Let’s be honest: an all-singing adaptation of James Jones’s sprawling novel ‘From Here to Eternity’ sounds like an cataclysmically daft idea. But in actual fact, Tim Rice’s first new musical in 13 years very nearly works.
Following the lives, loves and, uh, violent deaths of a group of GIs posted to Hawaii in 1941, Jones’s semi-autobiographical story really isn’t jazz-hands stuff. But first-time West End director Tamara Harvey’s ruggedly masculine production strikes an appropriately gritty tone. With Rice and collaborator Stuart Brayson’s bluesy, percussive songs, the roiling bass rhythms of the soldiers’ voices and Soutra Gilmour’s stark, semi-derelict sets, there is little frivolous about the show.
Crucially, it has a magnetic lead in Robert Lonsdale’s enigmatic loner Private Robert E Lee Prewitt. He could be a brooding cliché, but in his first musical role, Lonsdale hits the right balance between hero, dickhead and vulnerable young man. And he has a fascinating voice, not a million miles away from Jack White’s bluesy yelp – he injects paint-stripper intensity to the show’s stronger numbers.
The elephant in the room is the 1953 film. For the most part, the leads escape the shadows of their screen counterparts, most notably Ryan Sampson, whose Private Angelo Maggio is drastically different to Frank Sinatra’s – puny, pugnacious and fluid of sexuality, there are intriguing shades of Chelsea Manning in his portrayal.
However, the movie’s iconic image, of Deborah Kerr and Burt Lancaster doing it in the Oahu surf, hangs off the show like a dead weight. Clearly Rice and co felt the scene’s inclusion was crucial. But they don’t seem particularly enthusiastic about it, and the sub plot about upstanding Sergeant Milt Warden having it off with the lonely wife of his commanding officer feels clangingly half-baked.

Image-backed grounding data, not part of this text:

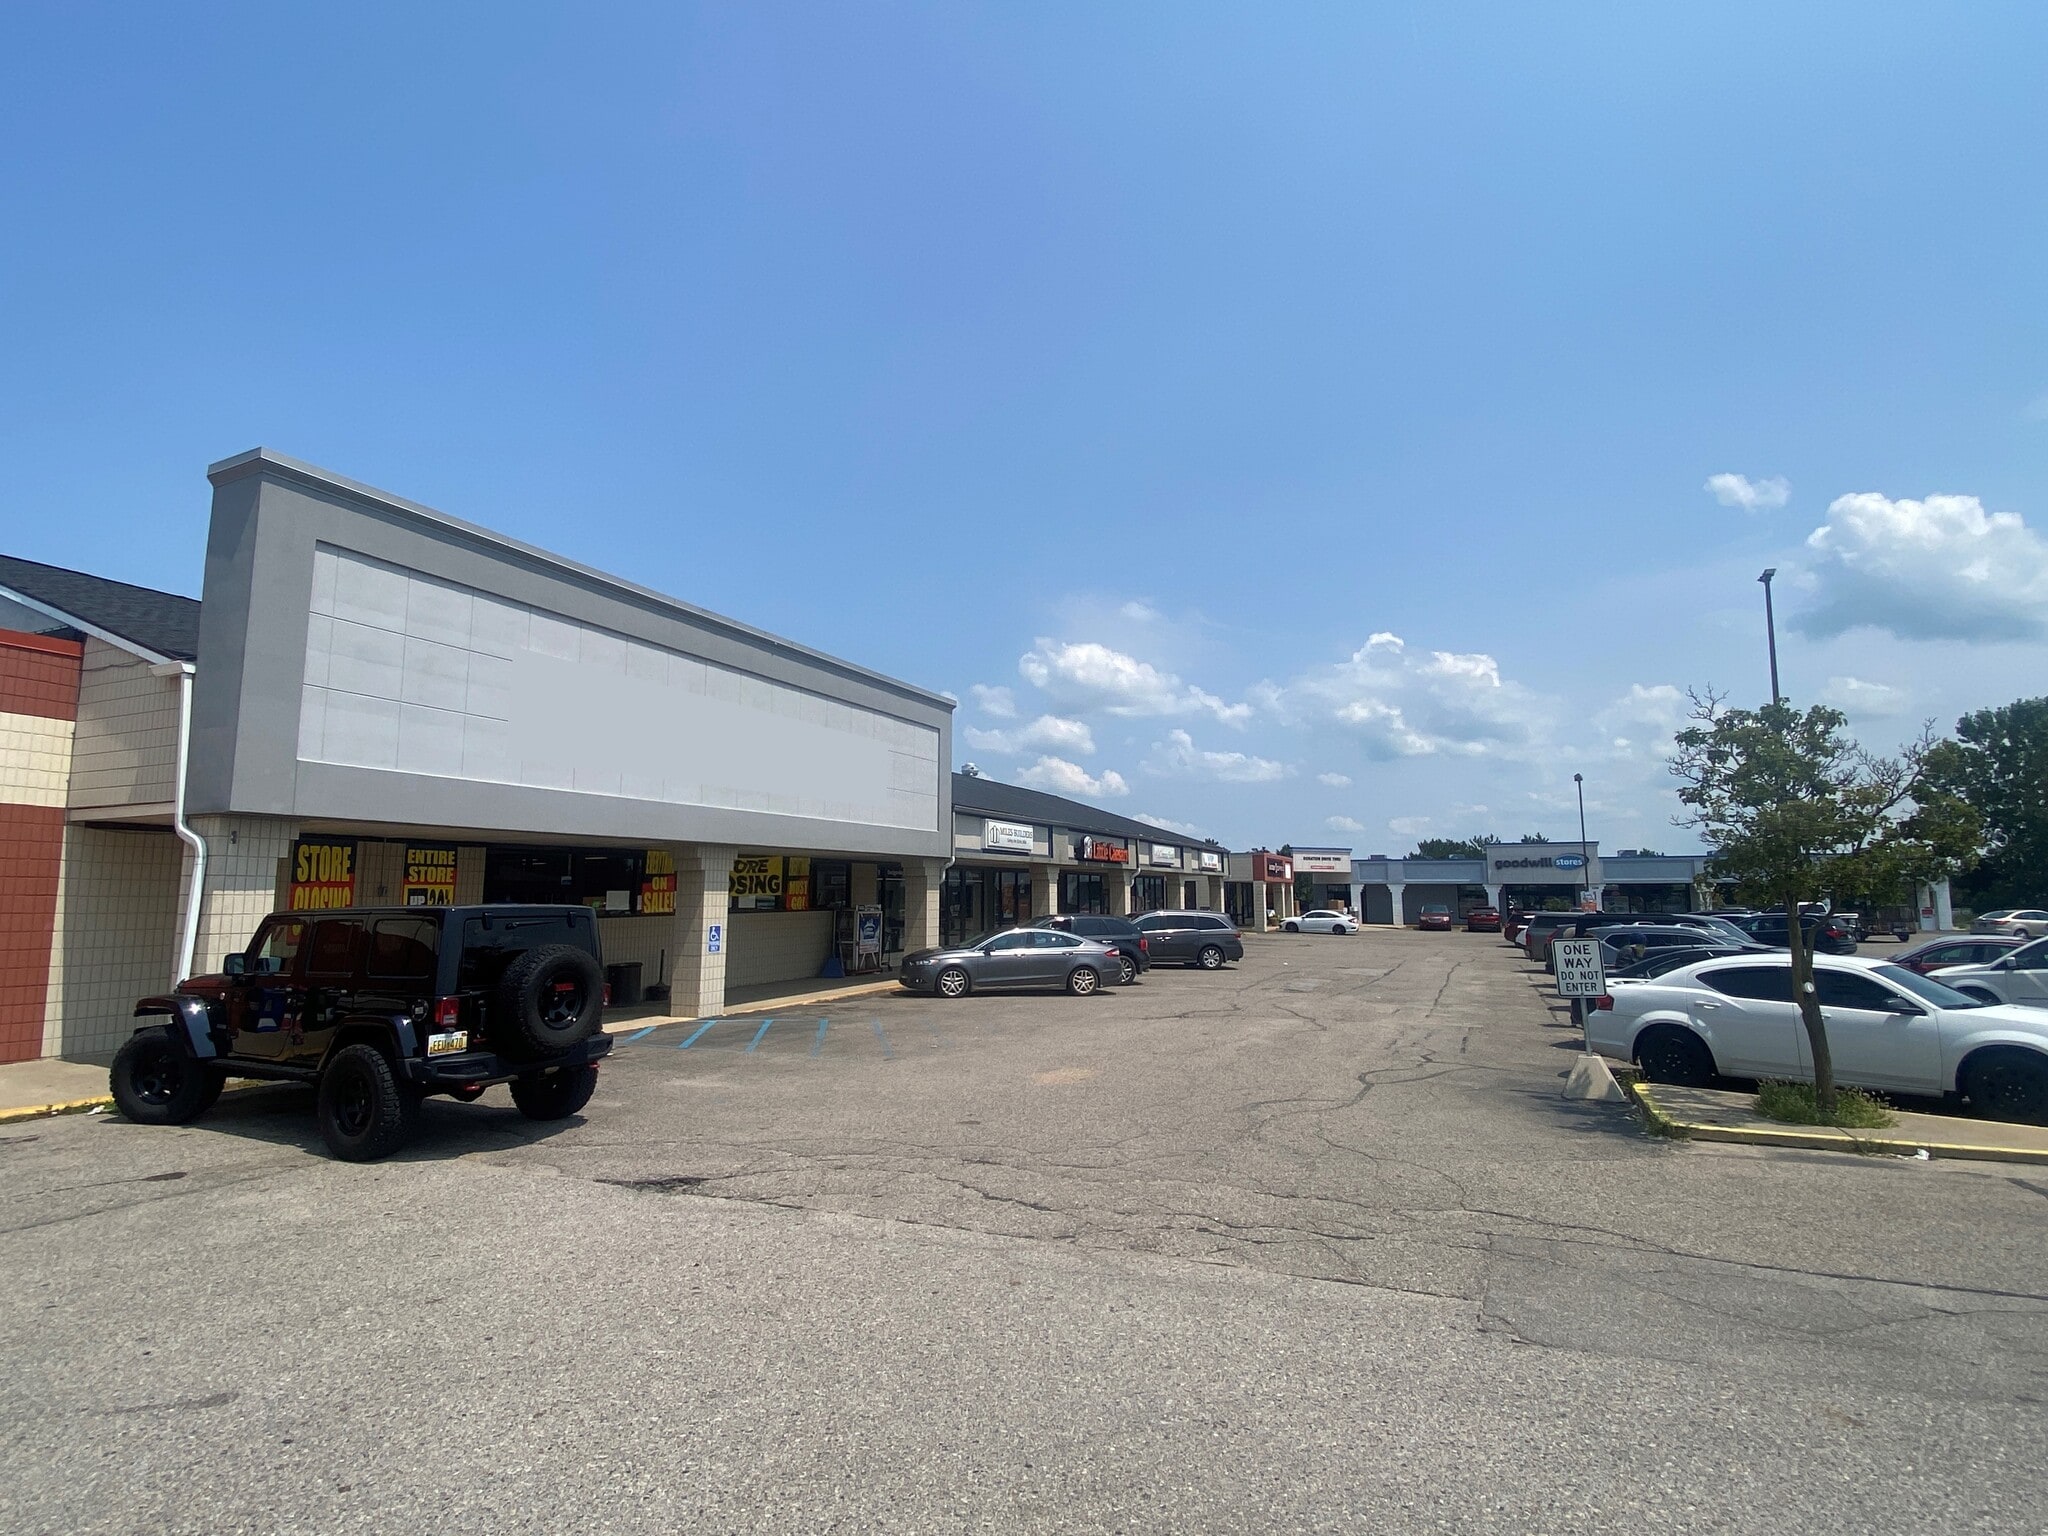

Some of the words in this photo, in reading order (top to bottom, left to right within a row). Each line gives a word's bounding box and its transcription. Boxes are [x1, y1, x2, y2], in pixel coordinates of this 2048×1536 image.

[1014, 829, 1033, 839] BUILDERS
[407, 849, 456, 865] ENTIRE
[1093, 841, 1109, 860] Little
[297, 844, 352, 882] STORE
[734, 859, 769, 874] ORE
[1495, 857, 1553, 870] goodwill
[408, 866, 454, 882] STORE
[652, 876, 668, 890] ON
[729, 874, 780, 895] OSING
[789, 879, 808, 895] MUST
[643, 891, 674, 913] SALE!
[791, 896, 806, 910] GO!
[1563, 944, 1591, 955] ONE
[1564, 957, 1593, 968] WAY
[1560, 971, 1575, 980] DO
[1579, 971, 1600, 980] NOT
[1565, 982, 1598, 992] ENTER
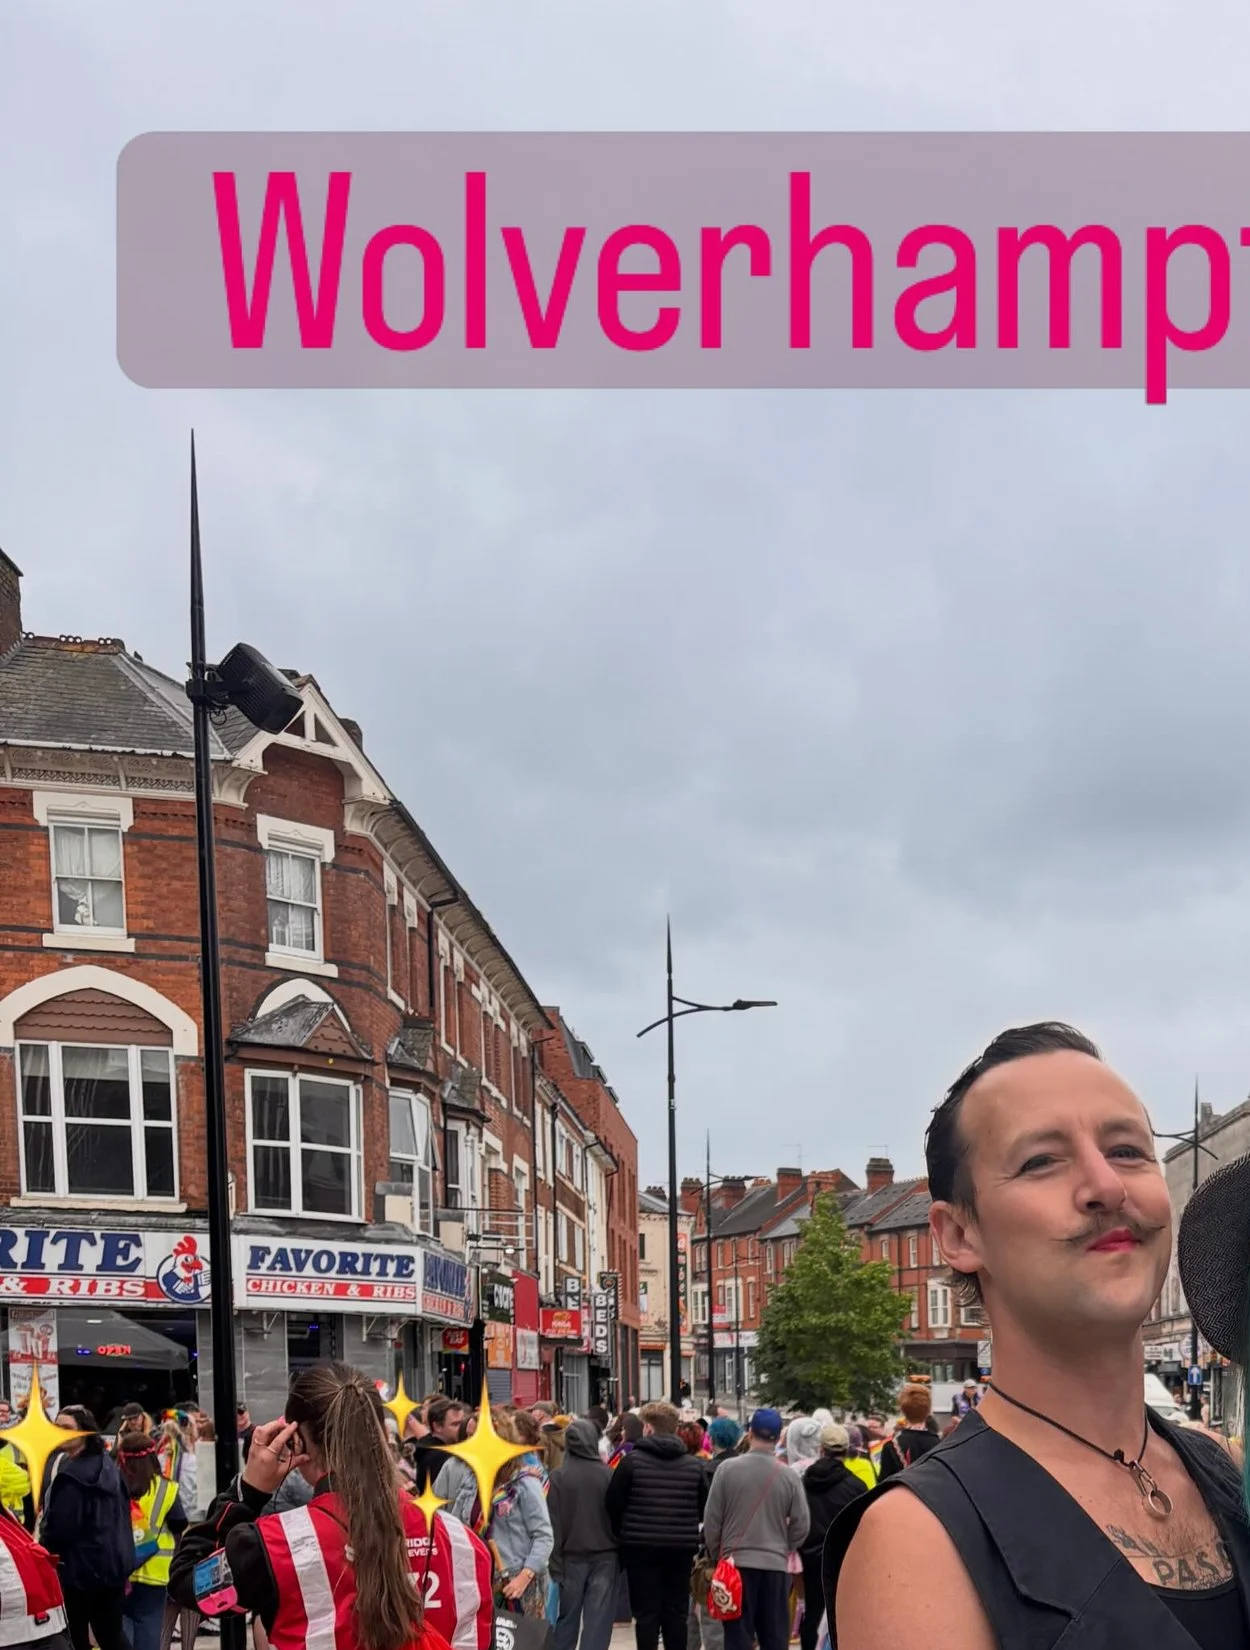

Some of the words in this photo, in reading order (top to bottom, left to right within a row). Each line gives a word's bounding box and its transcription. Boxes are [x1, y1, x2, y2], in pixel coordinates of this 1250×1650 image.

[247, 1245, 415, 1278] FAVORITE
[2, 1277, 28, 1294] &
[46, 1278, 145, 1297] RIBS
[247, 1279, 335, 1296] CHICKEN
[347, 1285, 361, 1297] &
[372, 1285, 416, 1299] RIBS
[595, 1294, 608, 1354] BEDS
[97, 1345, 131, 1356] OPEN
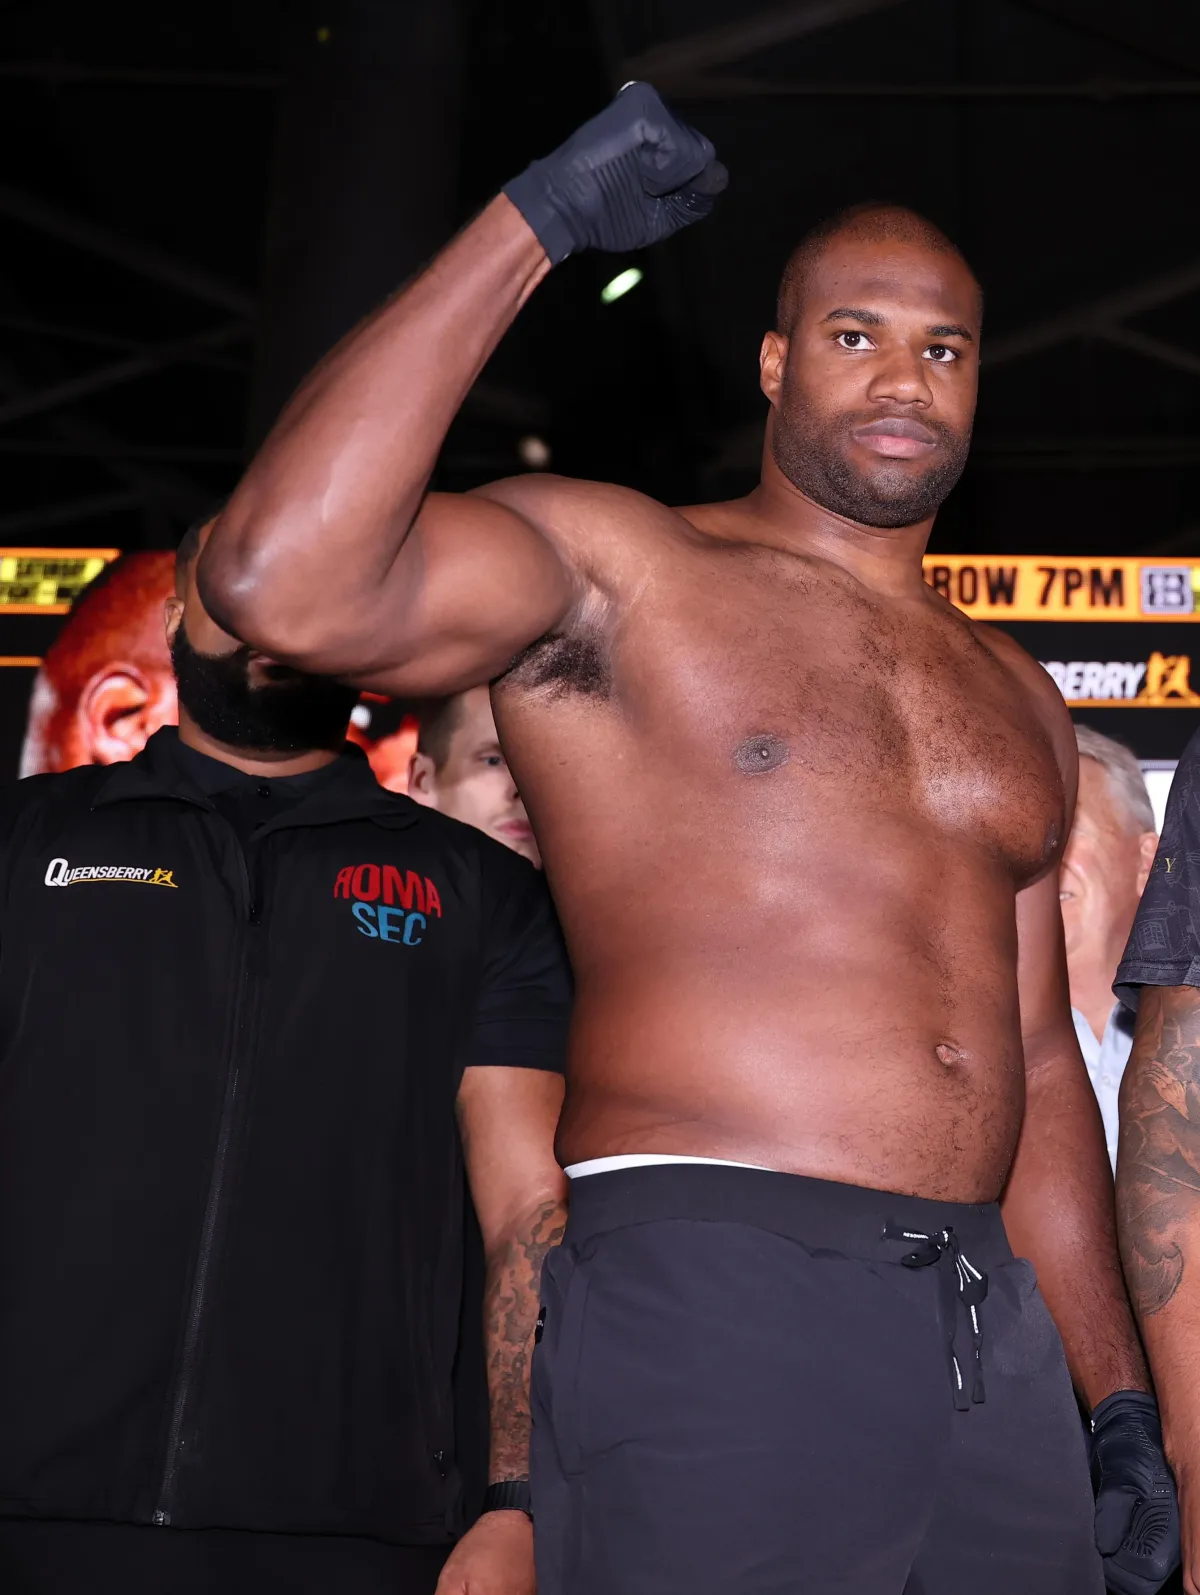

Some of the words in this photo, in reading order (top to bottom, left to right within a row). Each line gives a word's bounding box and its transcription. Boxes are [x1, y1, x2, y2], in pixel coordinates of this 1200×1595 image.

[1036, 567, 1124, 607] 7PM
[1038, 660, 1147, 699] BERRY
[351, 901, 427, 946] SEC

Blandly affable Darius Campbell and pouting Rebecca Thornhill struggle to inject interest into poorly sketched characters, lumbering ballads and an asinine love story. You can’t help but feel that everyone involved knows the only point of the whole romance is the arse-baring love scene that closes the first half.
Even without them, it’d still be flawed: the many perfunctory deaths feel poorly suited to the musical format – it feels weird that a key character can literally die without anybody making a song and dance about it.
In a strong year for new musicals, ‘From Here to Eternity’ is nothing like the best. But it’s a spunky effort from Rice and Harvey, and certainly more interesting than anything Rice's erstwhile writing partner Andrew Lloyd Webber has mustered in recent times. If nothing else, the gauntlet is convincingly thrown down for Lloyd Webber’s ‘Stephen Ward’, which opens in a couple of months.